INFORMATION SUPPLIED >>
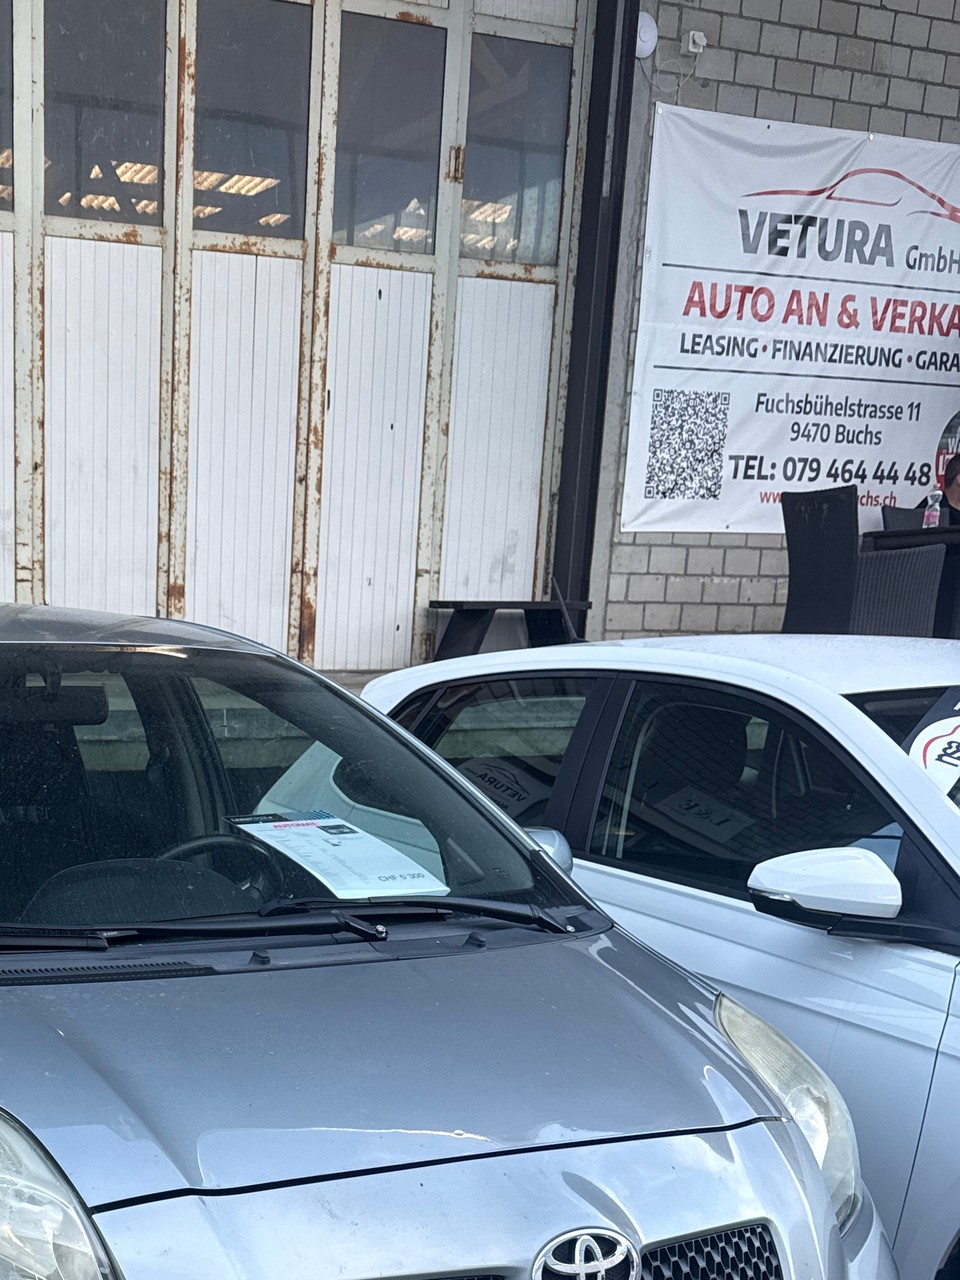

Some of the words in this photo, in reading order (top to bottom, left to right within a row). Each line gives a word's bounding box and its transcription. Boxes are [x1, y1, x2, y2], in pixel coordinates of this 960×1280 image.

[738, 209, 895, 268] VETURA
[905, 244, 960, 275] GmbH
[682, 280, 776, 323] AUTO
[781, 288, 830, 327] AN
[837, 293, 860, 329] &
[679, 332, 759, 359] LEASING
[771, 339, 903, 369] FINANZIERUNG
[754, 392, 904, 421] Fuchsbühelstrasse
[907, 401, 922, 422] 11
[789, 421, 831, 443] 9470
[834, 423, 883, 446] Buchs
[728, 454, 777, 482] TEL:
[782, 456, 822, 483] 079
[826, 458, 868, 485] 464
[872, 460, 900, 486] 44
[903, 461, 933, 487] 48
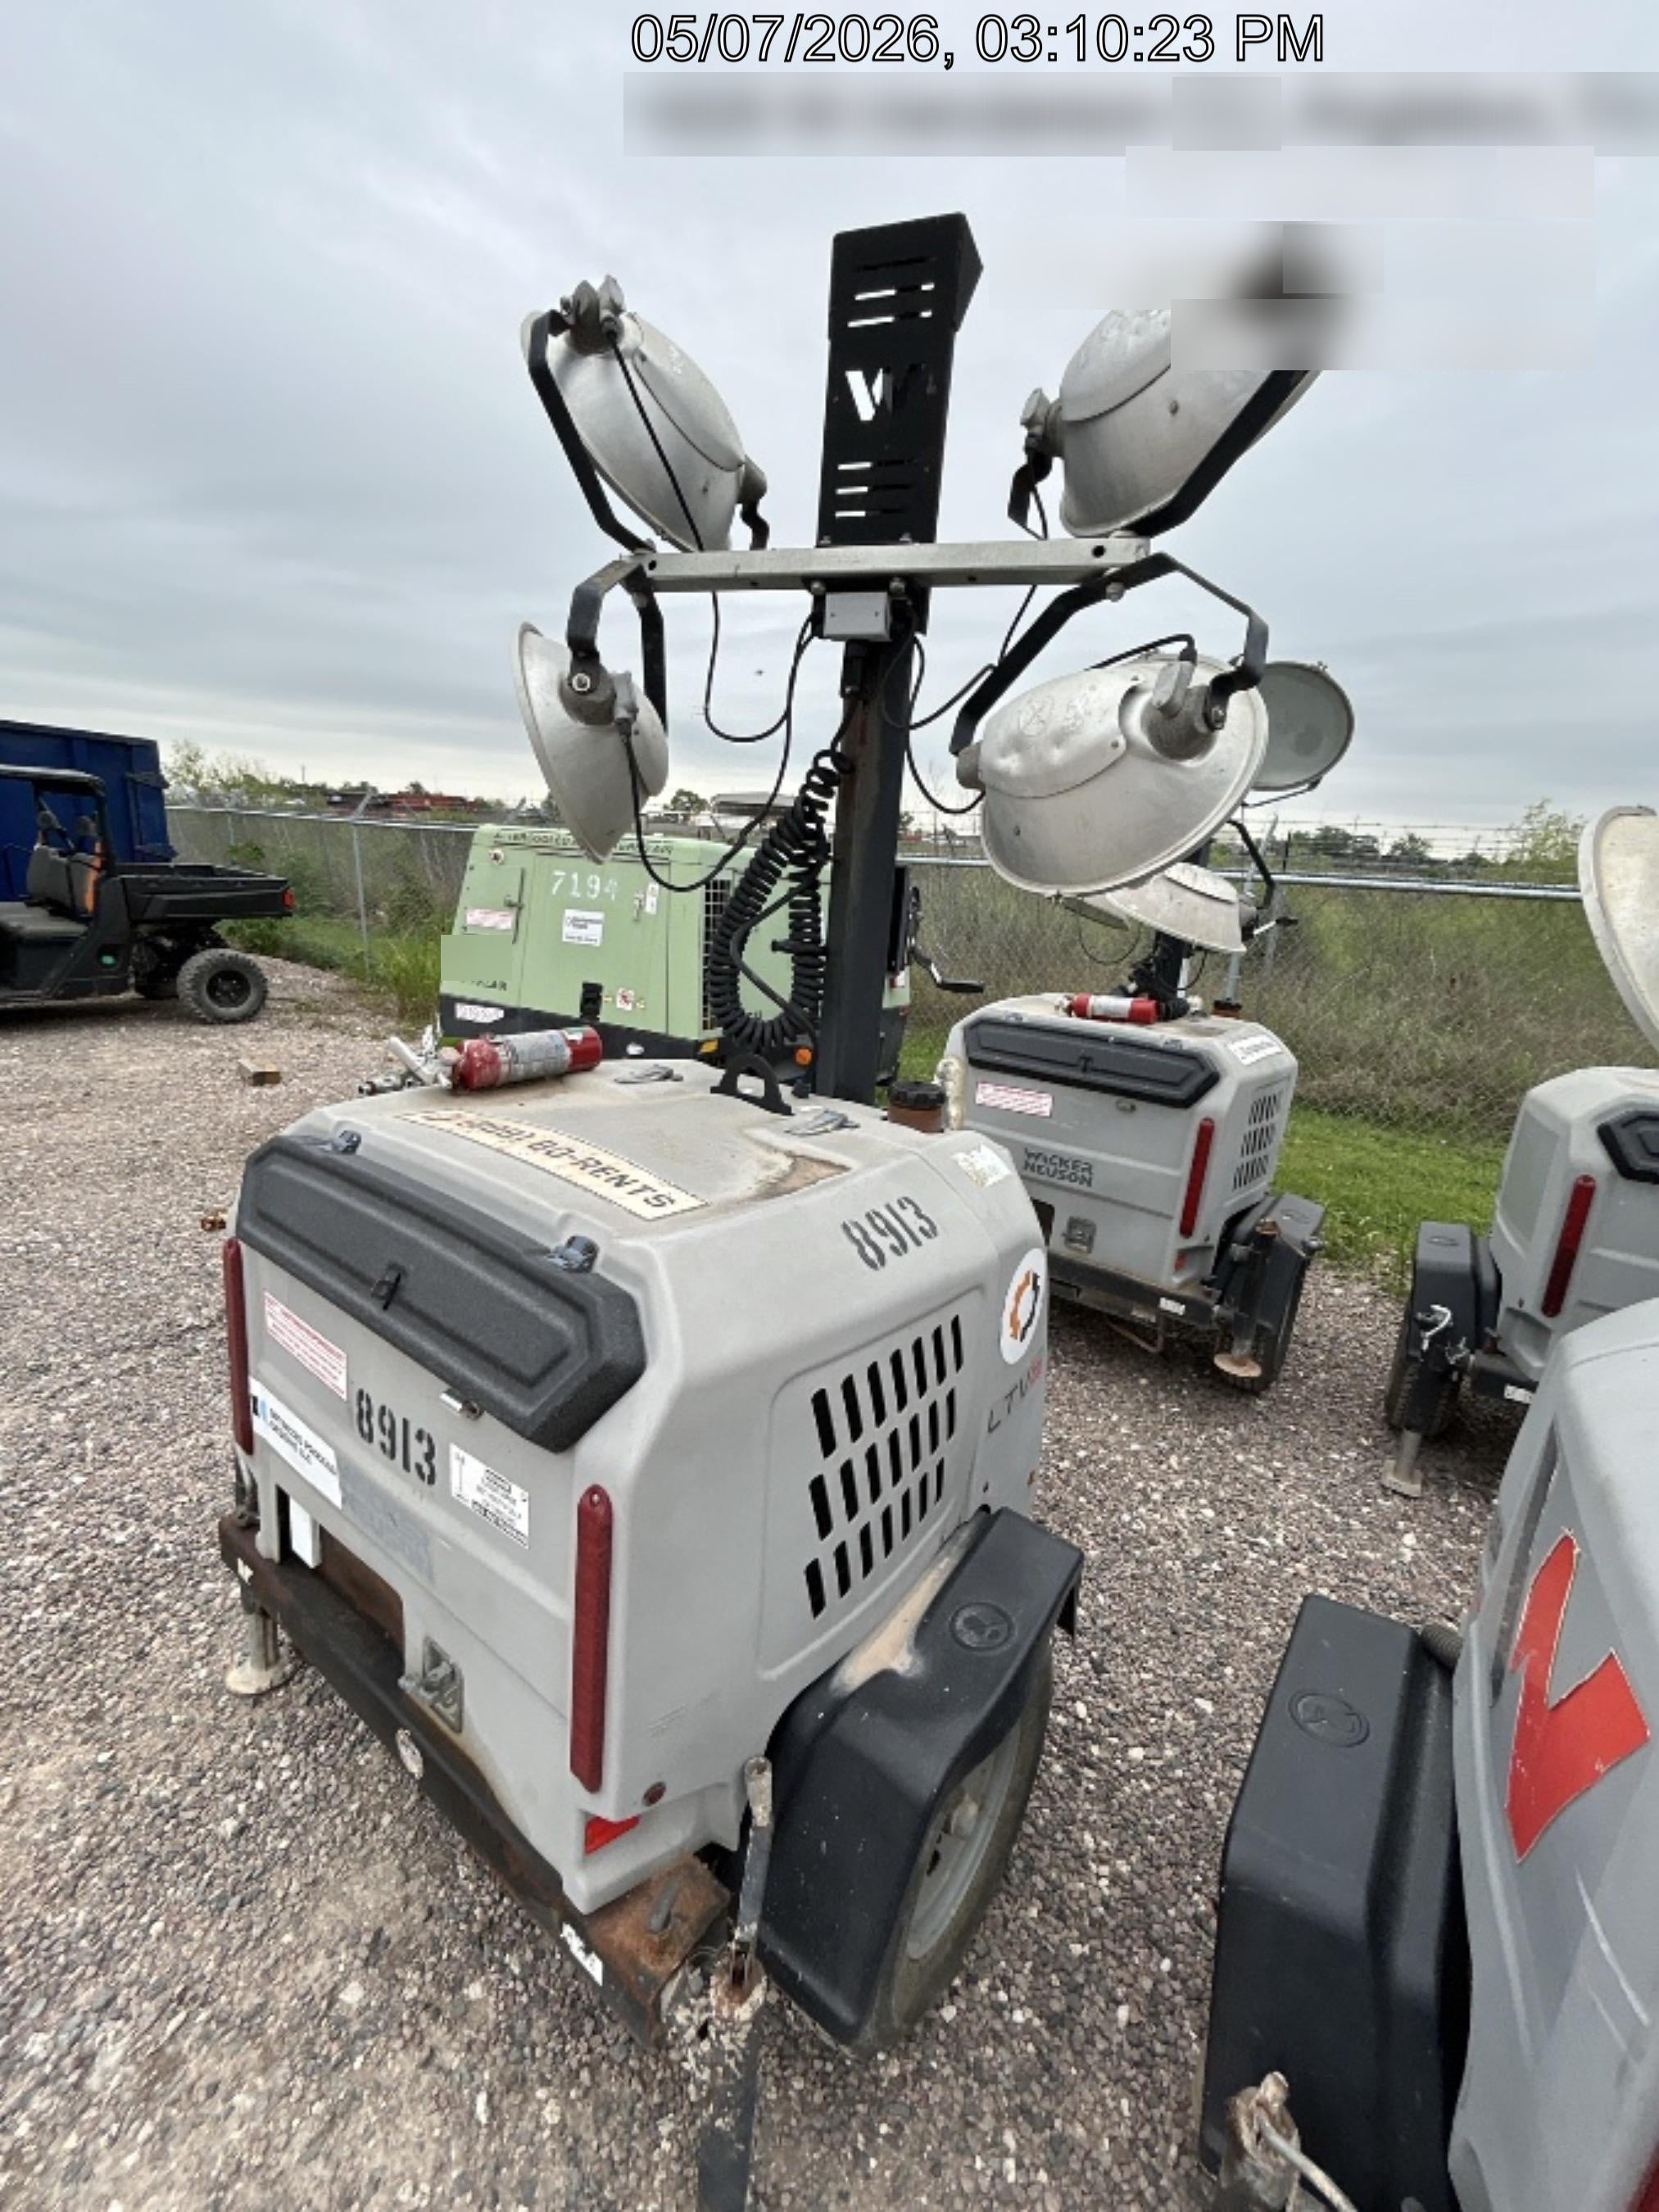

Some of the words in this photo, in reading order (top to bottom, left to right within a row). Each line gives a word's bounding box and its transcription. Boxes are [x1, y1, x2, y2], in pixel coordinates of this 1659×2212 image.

[551, 869, 619, 901] 7194
[841, 1196, 938, 1271] 8913
[356, 1387, 437, 1486] 8913
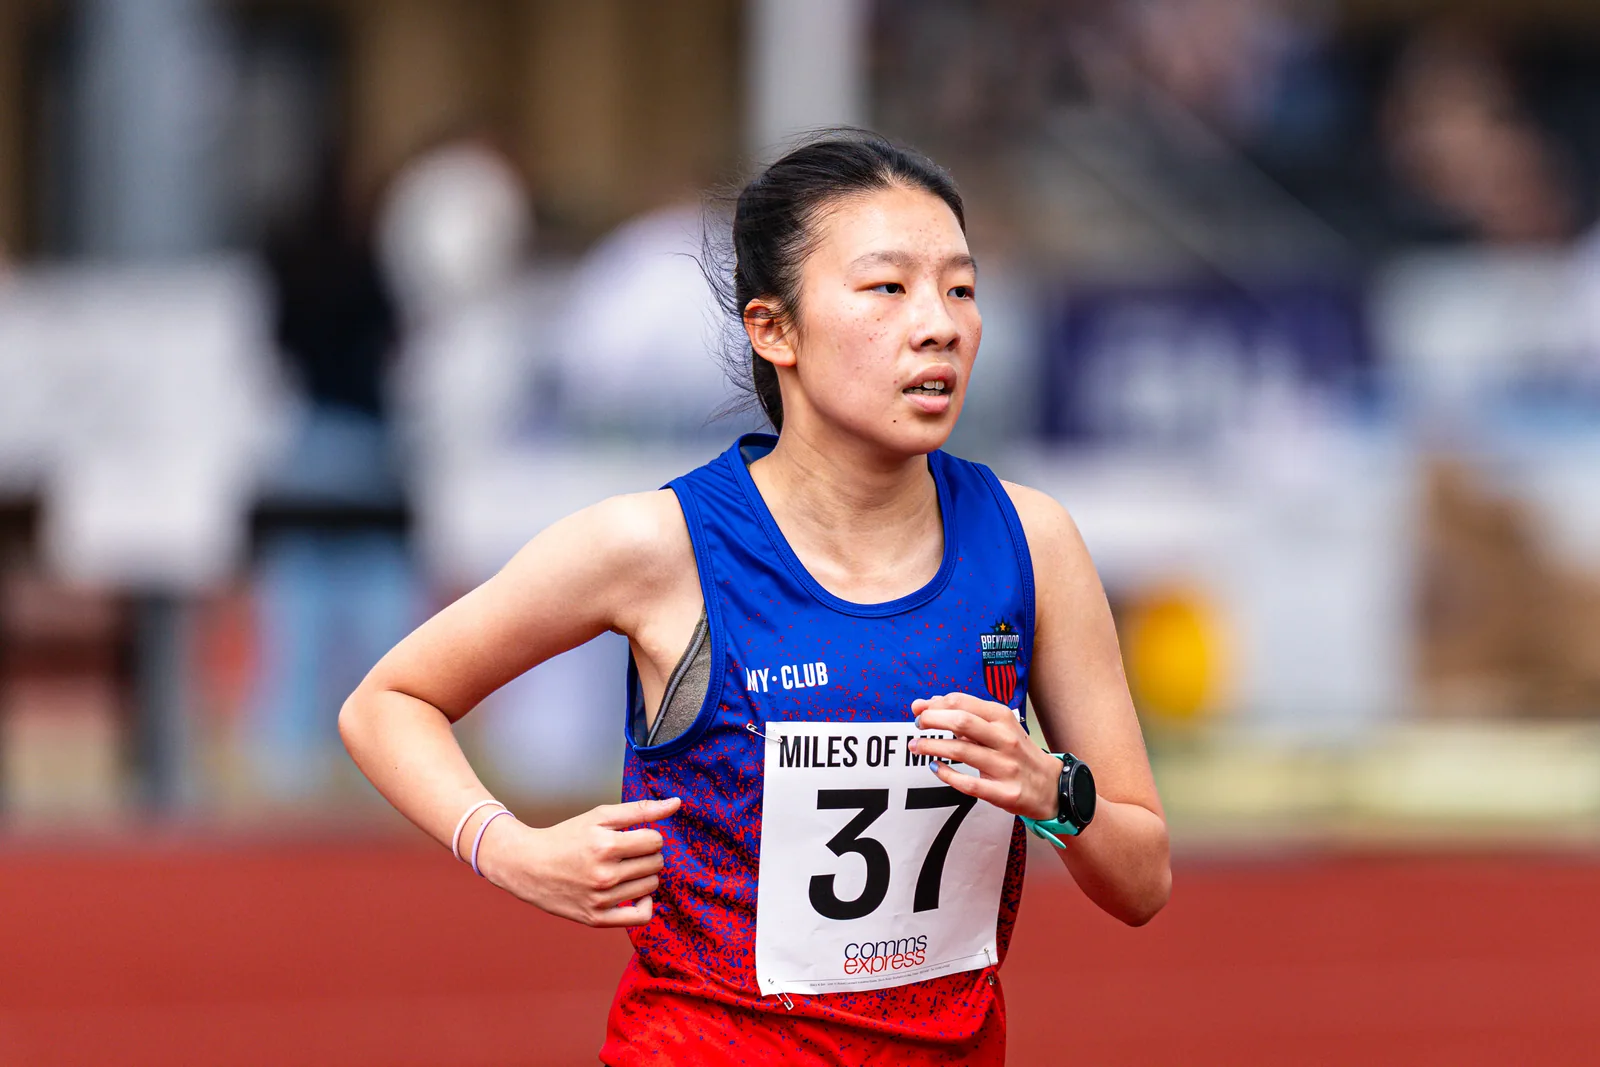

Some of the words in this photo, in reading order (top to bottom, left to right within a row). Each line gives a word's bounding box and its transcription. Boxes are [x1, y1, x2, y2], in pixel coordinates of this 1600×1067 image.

[980, 634, 1020, 650] BRENTWOOD
[778, 735, 858, 768] MILES
[865, 735, 898, 767] OF
[808, 785, 979, 921] 37
[844, 934, 928, 959] comms
[843, 949, 926, 975] express

ASSIGNMENT >> The expected output is the lines from the line that contains "this 1659×2212 image." through the last line of the material, reproduced exactly, with both ends present and pictures absent.

TASK ANSWER >>
Some of the words in this photo, in reading order (top to bottom, left to right within a row). Each line gives a word's bounding box and its transcription. Boxes are [x1, y1, x2, y2], in pixel coordinates of this 1659×2212 image.

[551, 869, 619, 901] 7194
[841, 1196, 938, 1271] 8913
[356, 1387, 437, 1486] 8913

Some of the words in this photo, in reading order (top to bottom, left to right within a row). Each line gives a word's bounding box and its transcription. Boxes are [x1, y1, x2, y2], in pixel coordinates of this 1600×1067 image.

[980, 634, 1020, 650] BRENTWOOD
[778, 735, 858, 768] MILES
[865, 735, 898, 767] OF
[808, 785, 979, 921] 37
[844, 934, 928, 959] comms
[843, 949, 926, 975] express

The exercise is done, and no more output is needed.